Markus Dreyer

Machine Learning Scientist

Amazon.com (Alexa)


Markus Dreyer is a Machine Learning Scientist at Amazon. He has been part of the Alexa group since 2015, leading projects in natural language understanding and question answering. He has published on transfer learning, semi-supervised learning, graphical models, semantic parsing, neural lattice parsing, and entity linking.


  • Natural Language Processing
  • Artificial Intelligence/Deep Learning
  • Machine Learning


  • PhD in Computer Science

    Johns Hopkins University

  • M.Sc. in Computer Science

    Johns Hopkins University

  • M.A. in Computational Linguistics, Linguistics, Philosophy

    Heidelberg University



Machine Learning Scientist


March 2015 – Present Seattle
Question answering, summarization, and natural language understanding (NLU).

Research Scientist

SDL (Language Weaver)

January 2011 – February 2015 Los Angeles, California
Algorithms and statistical models for large-scale machine translation (MT).

Research Assistant

CLSP, Johns Hopkins

January 2004 – December 2010 Baltimore, Maryland
Semi-supervised learning of nonconcatenative morphology, based on graphical models, the Dirichlet process and log-linear parameterization of finite-state machines.

Research Scientist

IBM, Speech Group

May 1999 – February 2003 Heidelberg, Germany
Text-to-speech (TTS) technology and parsing methods.

Recent Publications

Quickly discover relevant content by filtering publications.
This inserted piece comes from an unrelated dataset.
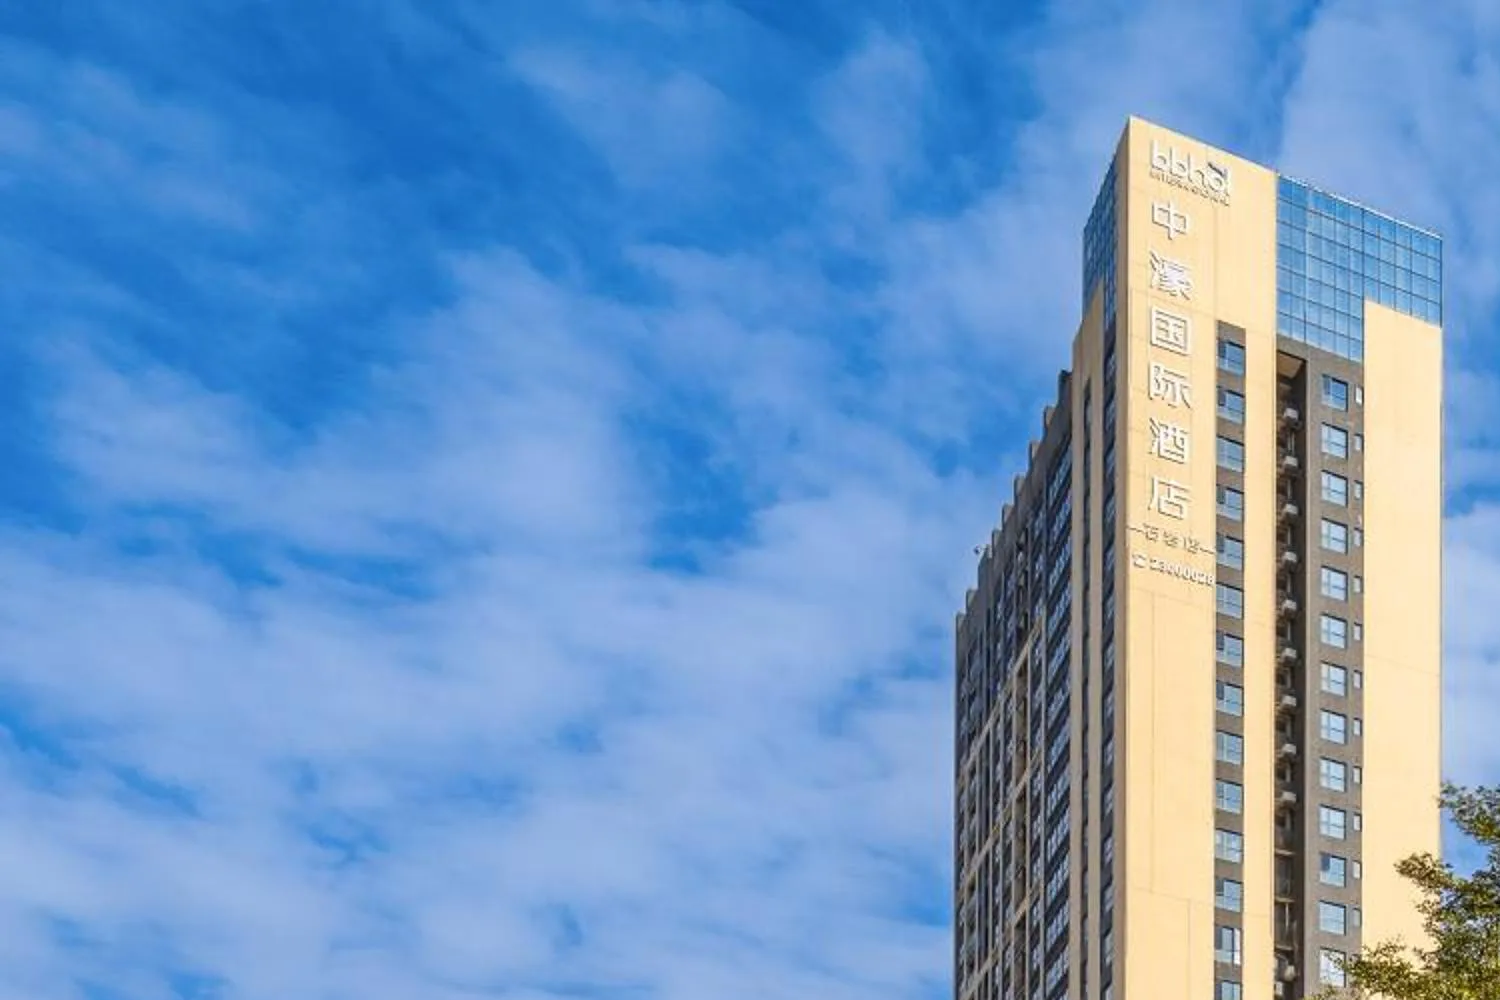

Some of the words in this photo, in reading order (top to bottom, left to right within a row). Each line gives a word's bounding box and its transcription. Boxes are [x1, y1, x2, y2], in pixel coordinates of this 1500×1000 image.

Multi-Task Networks with Universe, Group, and Task Feature Learning

We present methods for multi-task learning that take advantage of natural groupings of related tasks. Task groups may be defined along known properties of the tasks, such as task domain or language. Such task groups represent supervised information at the inter-task level and can be encoded into the model. We investigate two variants of neural network architectures that accomplish this, learning different feature spaces at the levels of individual tasks, task groups, as well as the universe of all tasks: (1) parallel architectures encode each input simultaneously into feature spaces at different levels; (2) serial architectures encode each input successively into feature spaces at different levels in the task hierarchy. We demonstrate the methods on natural language understanding (NLU) tasks, where a grouping of tasks into different task domains leads to improved performance on ATIS, Snips, and a large in-house dataset.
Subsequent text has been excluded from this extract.